I Have to Stop Talking About My Daughter's Health
By Paint Her in Color Founder, Laura Spiegel
Do you ever feel the need to talk about your child’s health at the oddest of times? I do. I’m not talking about run-of-the-mill conversations with the doctor, with close friends, or with other parents who can clearly relate. I’m talking about random, the-conversation-is-in-no-way-about-this-but-I-will-bend-it-there-dammit verbal diarrhea.
This usually happens to me when I meet someone new.
Last night, I met a delightful new couple in our neighborhood. When the husband mentioned that he was an ER nurse, I felt compelled to mention my daughter’s cystic fibrosis (CF). Beyond a shared appreciation for healthcare, the one topic has little relation to the other. Somehow, I managed to hold my tongue and steer the conversation back to less personal territory.
But I can’t help but reflect on the urge that came upon me. Why did I feel the need to throw my daughter’s health out there?
The same thing happens when I’m asked about my job. To pay the bills, I ghostwrite (riveting) technical articles for scientists and engineers. But what I really want to talk about is Paint Her in Color. A topic which naturally pivots back to CF…
The agony of the pandemic? An easy link to CF.
The cat’s respiratory infection? That’s got CF written all over it.
The construction down the street? Considerably tougher, but I’ll find a way to steer back to CF.
Why do I do this? Is it possible that while I’ve devoted this very site to not defining our children – and our families – by special health care needs, I’ve gone and done that very thing myself?
I do my best to not define my daughter by her health. She’s a vibrant soul who lives in color every step of the way. She’s a soccer player, a story teller, a devoted friend, a prankster, and a ray of light. Her CF doesn’t define her or hold her back from anything.
But have I defined myself as a medical mama?

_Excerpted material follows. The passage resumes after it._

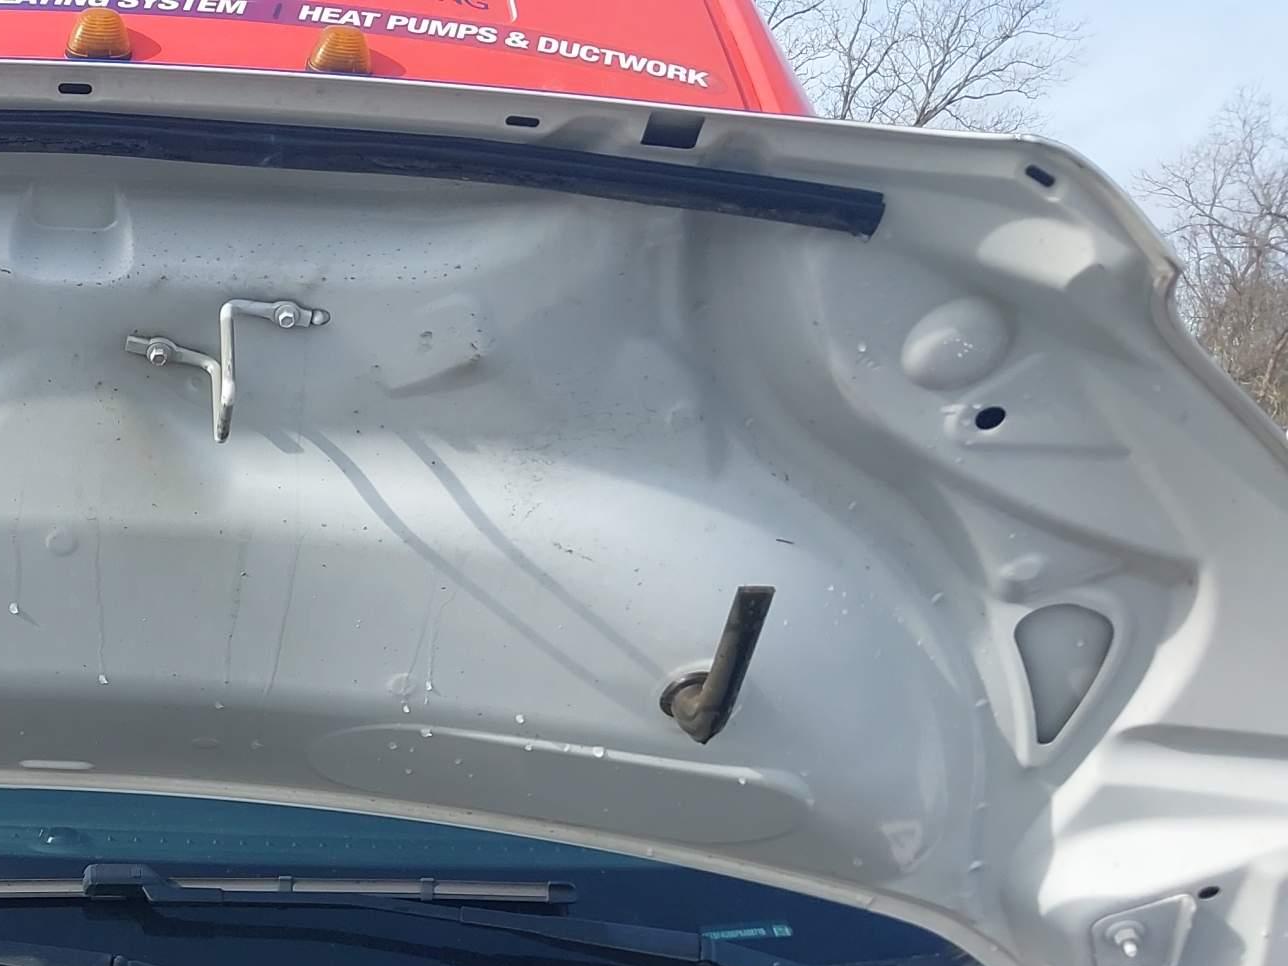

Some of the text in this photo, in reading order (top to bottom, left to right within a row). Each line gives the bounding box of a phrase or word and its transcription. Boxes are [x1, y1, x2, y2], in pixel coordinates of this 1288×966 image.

I never envisioned myself in a caregiving role, but I can’t deny that caregiving is a big part of who I am. I want to help my daughter live her fullest alongside her brother more than anything in the world. And over the past few years, my professional purpose has become increasingly clear. I want to help other caregivers realize that they aren’t alone on their emotional journeys.
Like many caregivers, my daughter’s diagnosis provided a new lens through which to view the world. It gave me a fresh perspective about what’s important, what’s worth fighting for, and what defines a life well-lived. There is no aspect of my life today that isn’t in some way shaped by cystic fibrosis.
But the last thing I want to do is shape the way the world sees my daughter because of her health. As I write this, my daughter is with her Brownie troop at an outdoor meeting in the park. They are learning about the senses by tasting foods that are salty, sweet, bitter, and sour. When the troop leader emailed a heads up about the snacks, my first thought was to pack a baggie of enzymes for my daughter to take with her. And hand sanitizer for a pre-snack de-germing of the park’s many microbes.
On second thought, I had her pop some enzymes before we left the house and gave both her and her friend a Wet One for their pockets. The end result is the same; it’s just not as in-your-face conspicuous.
I never want to encourage my daughter to hide her CF from the world. I think it’s a part of her that deserves to be celebrated. (And her friends who marvel at her ability to swallow 6 pills at once do, too).
But as my daughter grows, I have to remember that her body belongs to her. If she wants to talk about the roller-skating rash on her elbow, her newly painted nails, or her CF, she can. If she doesn’t, then that’s that. Just because I’m a caregiver doesn’t mean I have complete ownership of her health – or any conversation about it.
As my kids reminded me this morning, with my perpetual sweat pants, piercing laugh, and stilted dance moves, I have lots of opportunities to embarrass them. Maybe, just maybe, my verbal diarrhea doesn’t have to be one of them.